Speaking via telephone from New York, Hollander said his company decided to be “aggressive” in its Arbitron decision. He said that Infinity thought about its move for some time before making the change last week instead of waiting until the final day of the contract’s term, which was June 30.

Radio One COO Mary Catherine Sneed reacted strongly to Infinity’s move, telling Hollander, “Dude, you’re my hero!” When asked about the industry coming together to fight for important issues, Hollander suggested that other companies join his in dumping Arbitron. “We think there’s a little arrogance in this negotiation and thought we’d change the paradigm a little bit,” Hollander said. “It’s not going to be their way or the highway.”

However, he implied that a new deal with Arbitron could be reached in the near future. “We would love to be involved with the Portable People Meter,” Hollander said. “We don’t want to be the rebel. We want to help the radio industry. There are lots of things out there we can do, and I think it’s time to look at other existing services or to try something new.”

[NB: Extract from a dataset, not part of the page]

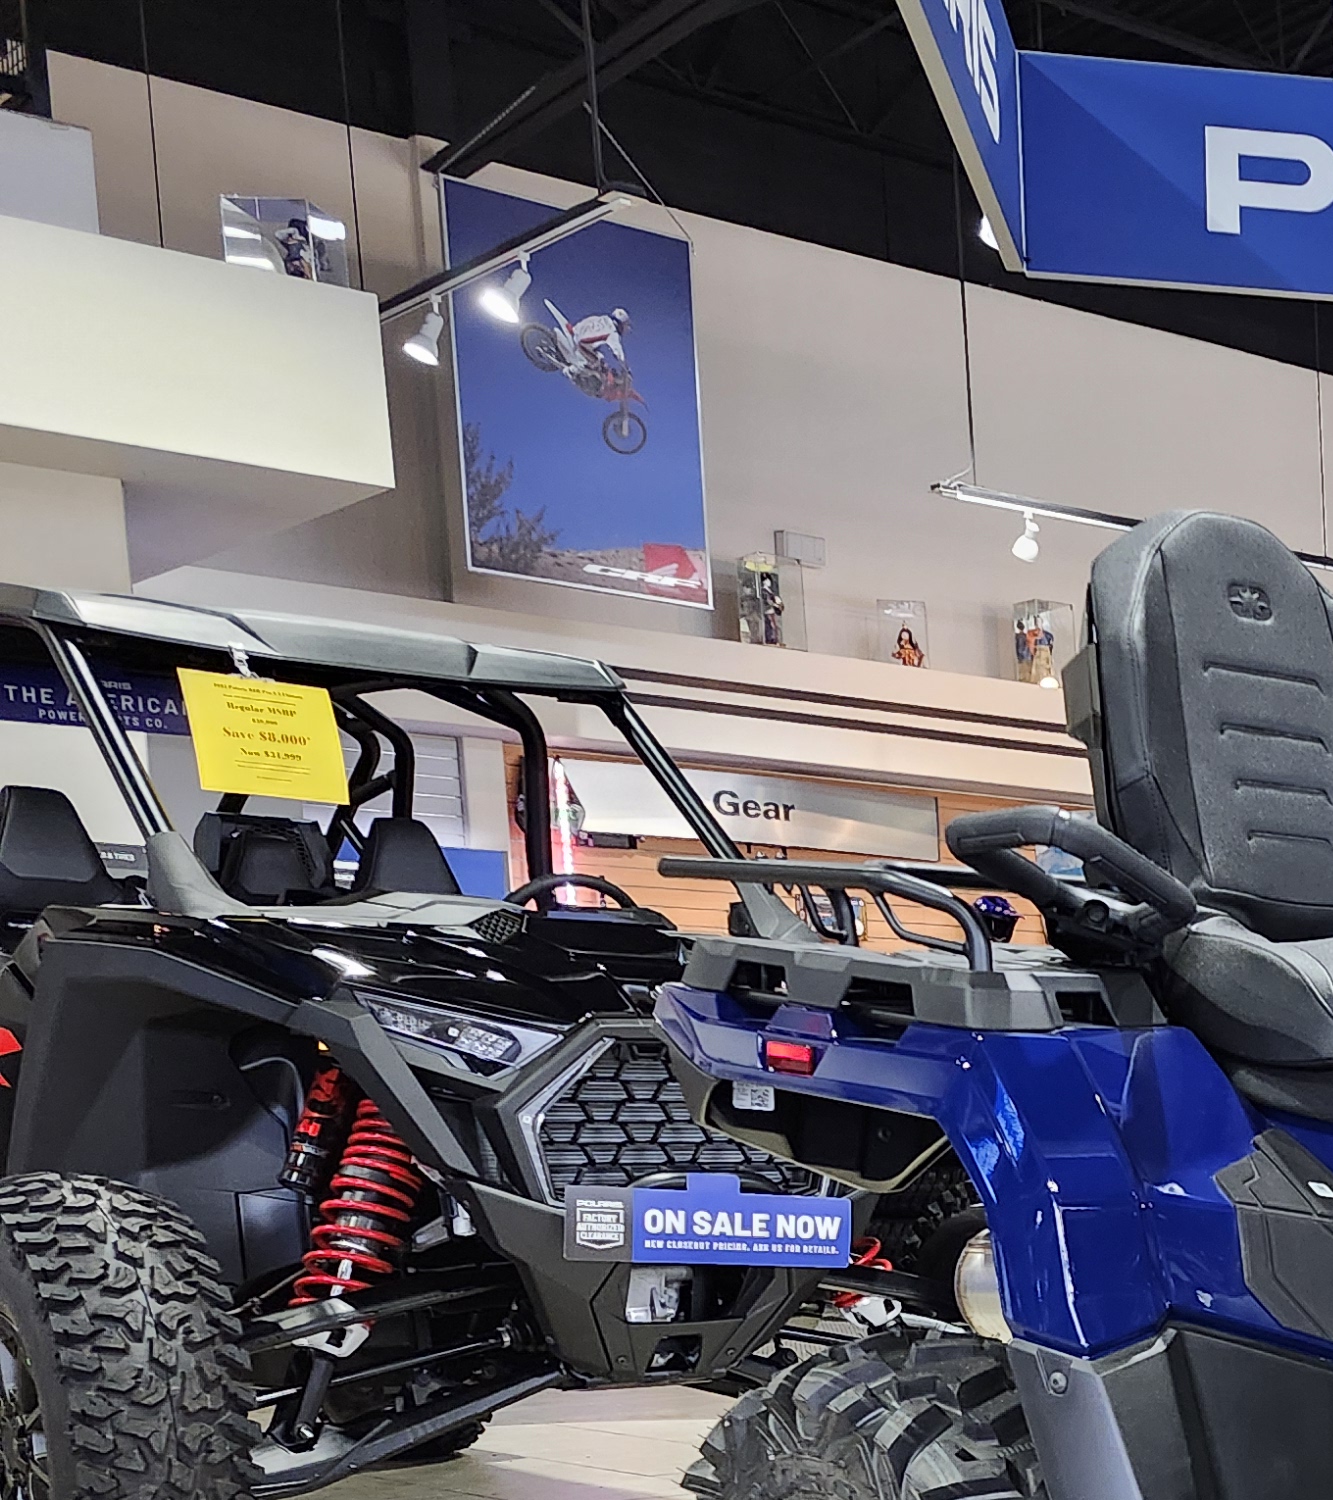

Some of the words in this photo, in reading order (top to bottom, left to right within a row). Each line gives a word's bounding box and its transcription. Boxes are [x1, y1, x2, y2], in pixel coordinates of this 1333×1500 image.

When Sneed first heard of Infinity’s decision not to renew its contract with Arbitron, she thought that it might put the PPM in jeopardy. However, she told the audience that pricing by Arbitron remains a key area of concern for radio operators. “How much more is it going to cost us?” she asked of the PPM’s rollout in the nation’s top markets. “Arbitron has given no range. Is it 10%? Is it 15%?”

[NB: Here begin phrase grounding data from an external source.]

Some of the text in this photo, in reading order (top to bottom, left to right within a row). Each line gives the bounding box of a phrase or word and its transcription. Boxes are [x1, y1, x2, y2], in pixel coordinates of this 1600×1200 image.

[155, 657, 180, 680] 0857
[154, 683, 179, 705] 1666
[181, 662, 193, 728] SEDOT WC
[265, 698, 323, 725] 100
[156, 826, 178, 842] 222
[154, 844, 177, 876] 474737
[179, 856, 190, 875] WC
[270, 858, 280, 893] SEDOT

Hollander added that, in his view, it will take years to roll out the PPM and use the methodology across all the top markets. “I would like to see more information from Arbitron before we go into that,” said Hollander, “but at the same time not get gouged.”

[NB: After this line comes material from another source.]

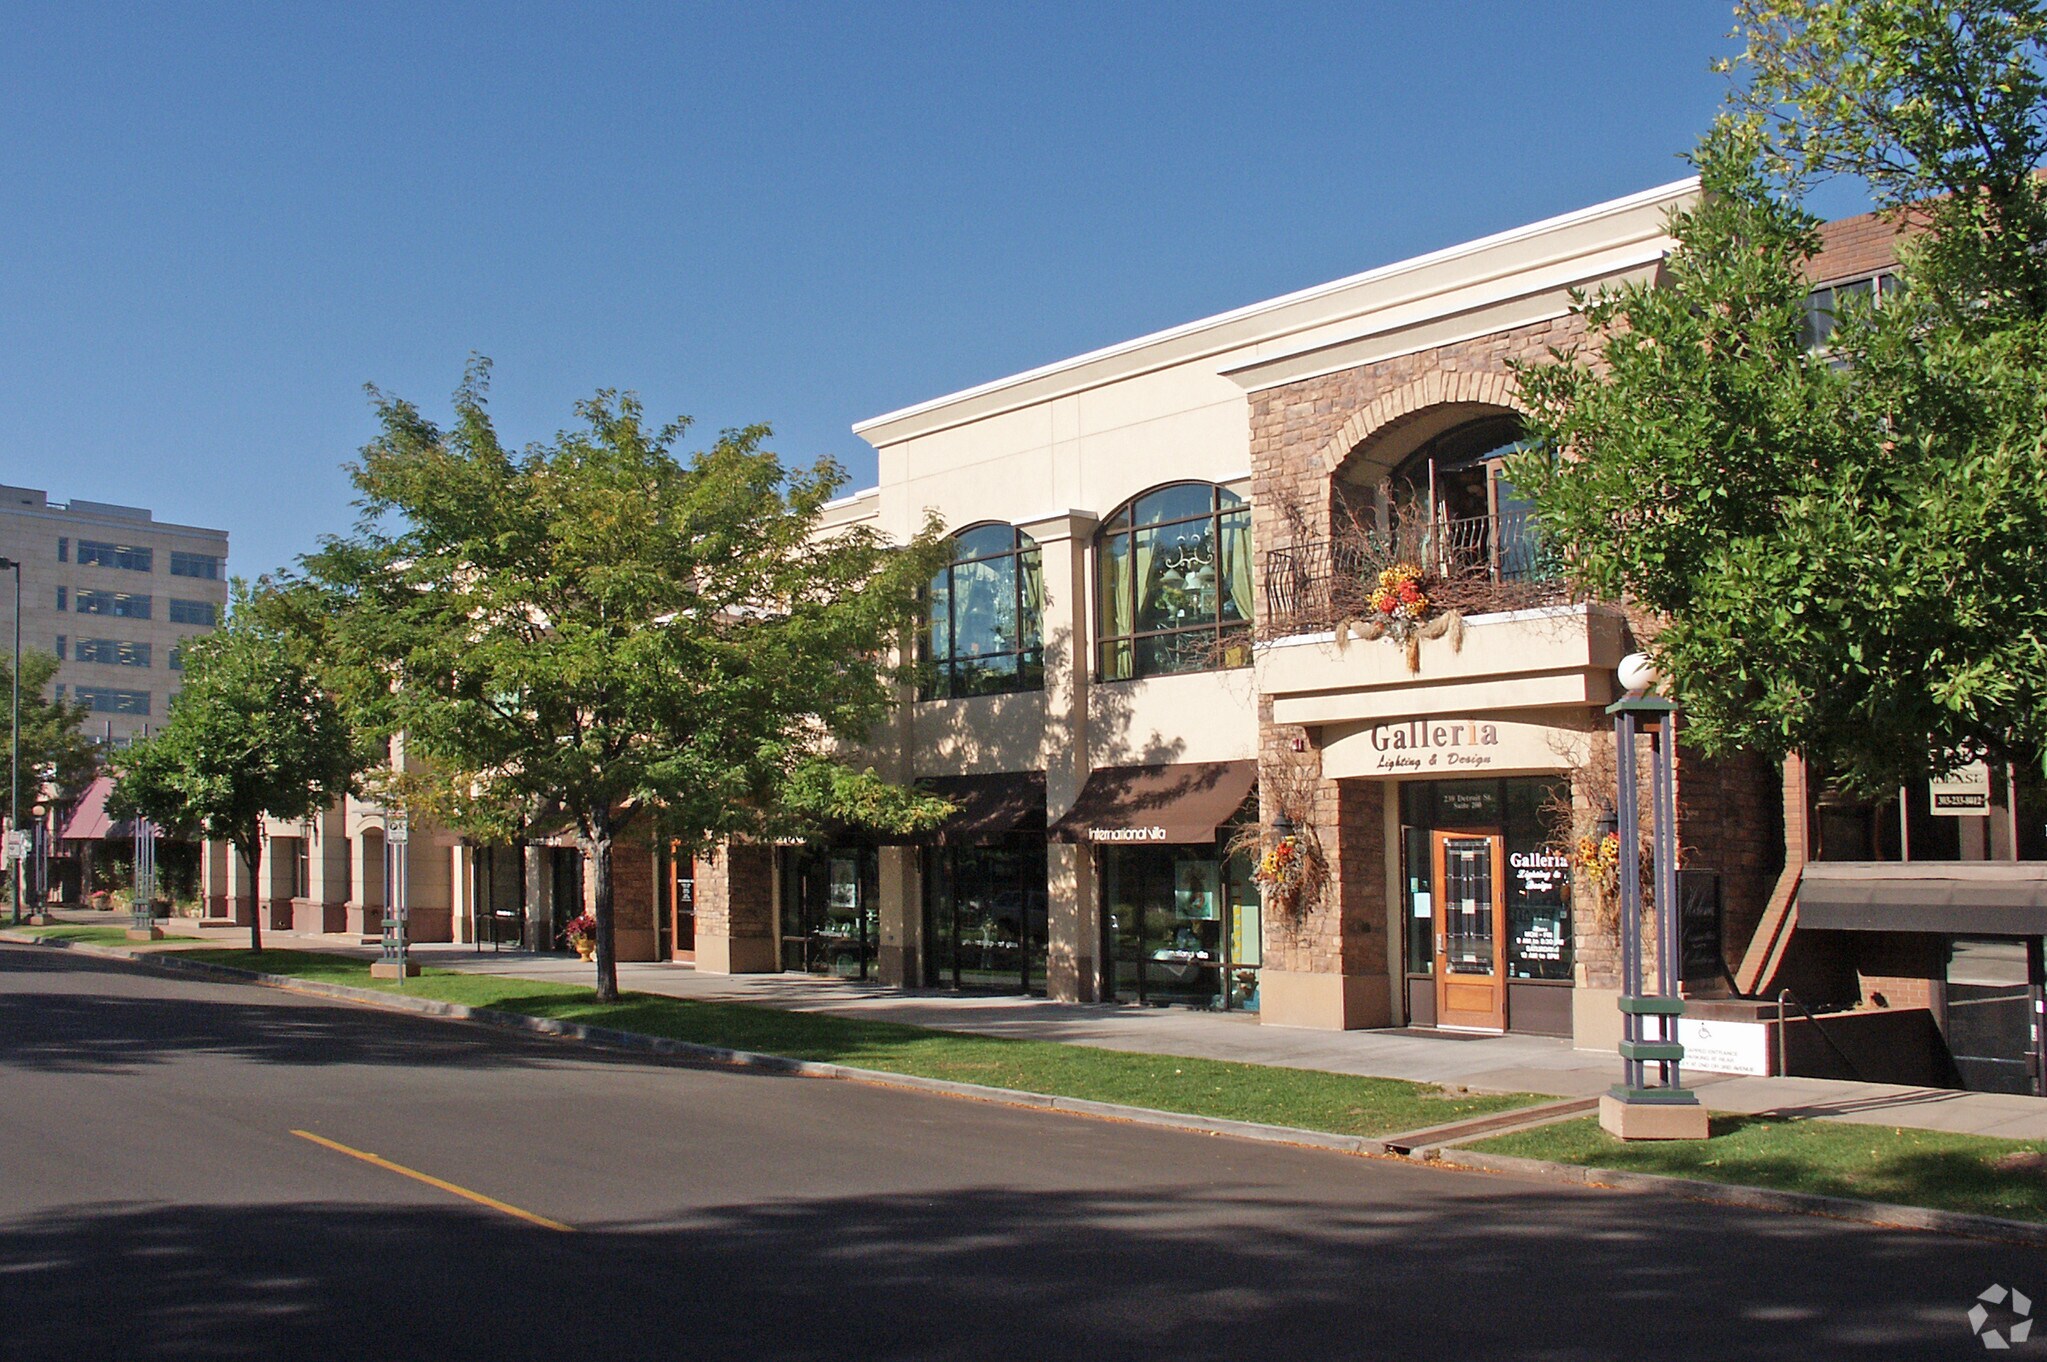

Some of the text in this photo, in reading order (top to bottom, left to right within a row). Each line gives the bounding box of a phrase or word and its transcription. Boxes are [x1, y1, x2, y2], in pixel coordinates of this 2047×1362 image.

Meanwhile, Arbitron Radio Sr. VP/GM Scott Musgrave told R&R at a PPM session earlier that morning that, despite Infinity’s move and the withheld participation of both Radio One and Cox Radio, Arbitron is still on track with its Houston market test. VP/Programming Services Bob Michaels also confirmed that the PPM probably won’t be coming to smaller markets in the near future because “it’s just too expensive.”

Among the other topics discussed by State of the Industry session panelists was Clear Channel’s decision last week to end weekly pacings. While weekly pacings were good for internal use, at least one executive believed they can cause companies to make “knee-jerk” reactions. “I think it’s an anxiety producer, for the most part,” Jefferson-Pilot President/Radio Division Clarke Brown said.

Hollander expressed similar feelings, saying, “It’s a good internal tool, but it puts too much info out there in the investment community.” Hollander added that the industry “would have been better off if everybody was on the same page” with pacings, as each individual operator does pacings in a different way.